I found a bug that is not to be found in other themes I tried. You cannot drag the scroll bar if you click at the extreme right of the screen. It's one of the feature I like the most in Mozilla/Phoenix over Internet Explorer. But your theme seems to copy IE annoying behavior. Anyway, Keep up the good work.

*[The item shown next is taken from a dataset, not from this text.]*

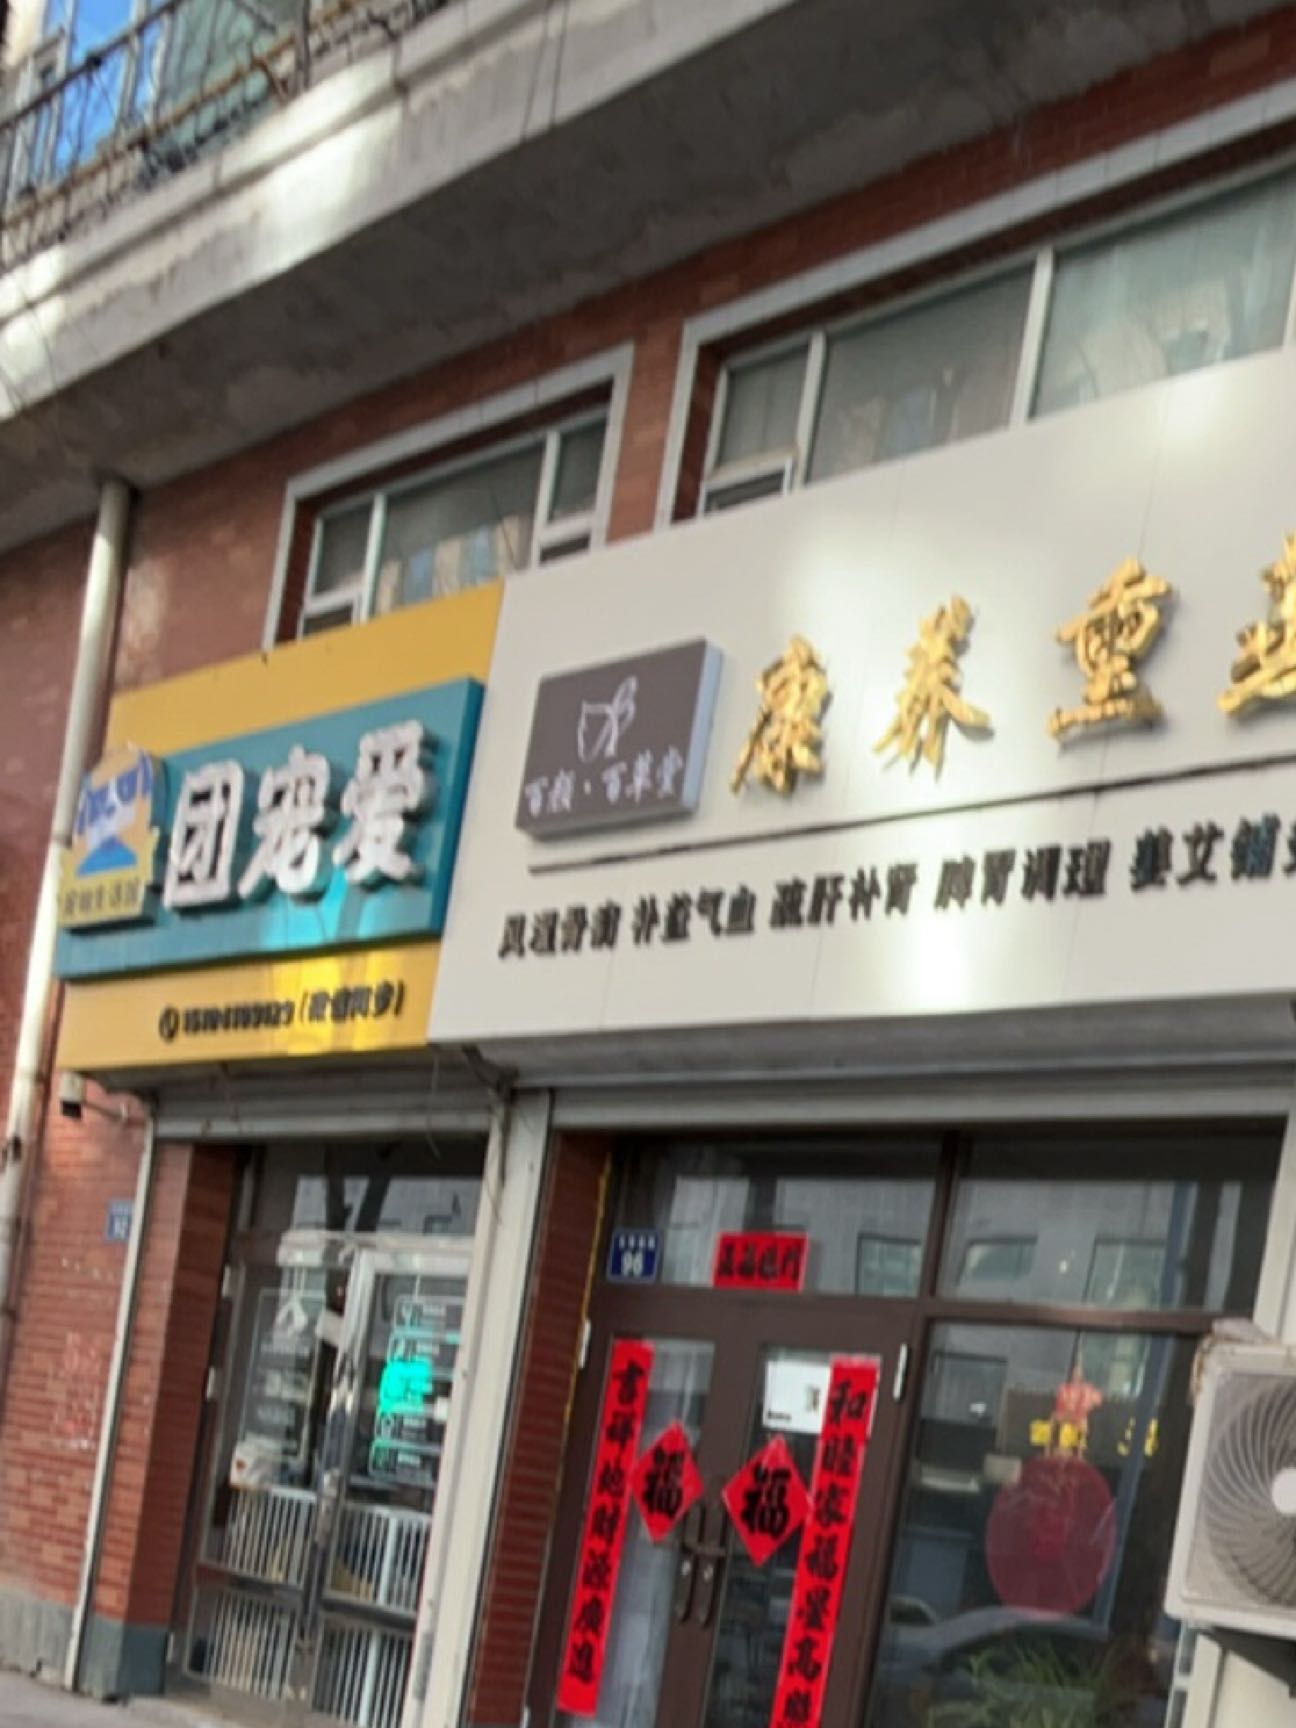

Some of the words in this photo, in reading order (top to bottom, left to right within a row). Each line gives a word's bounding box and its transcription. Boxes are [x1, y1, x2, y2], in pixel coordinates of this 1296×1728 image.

Sometimes, my memory is pretty good. That was about 2 years ago. It's an insignificant bug that still exists in current builds of Firefox, probably only on Windows. The way to fix this may differ, but for Windows XP Luna, here is a temporary solution:

scrollbar[orient="vertical"] scrollbarbutton,
scrollbar[orient="vertical"] slider{
margin-right: -1px !important;
margin-left: -1px !important;
}

The above code only applies to vertical scrollbars, neglecting the horizontal ones. The applied negative margins push the scrollbar buttons and slider to occupy the whole container of the scrollbar, making it 2 pixels narrower. As a result, it looks exactly like Windows scrollbar, and you can finally drag it at the extreme right of the screen! Different XP themes tend to require different values of the margins. Please don't' ask me why but you can try to experiment with it. Just make sure you are equipped with some basic CSS and XUL knowledge, before messing things up.

With these tweaks together, I'm definitely satisfied with my Firefox scrollbars.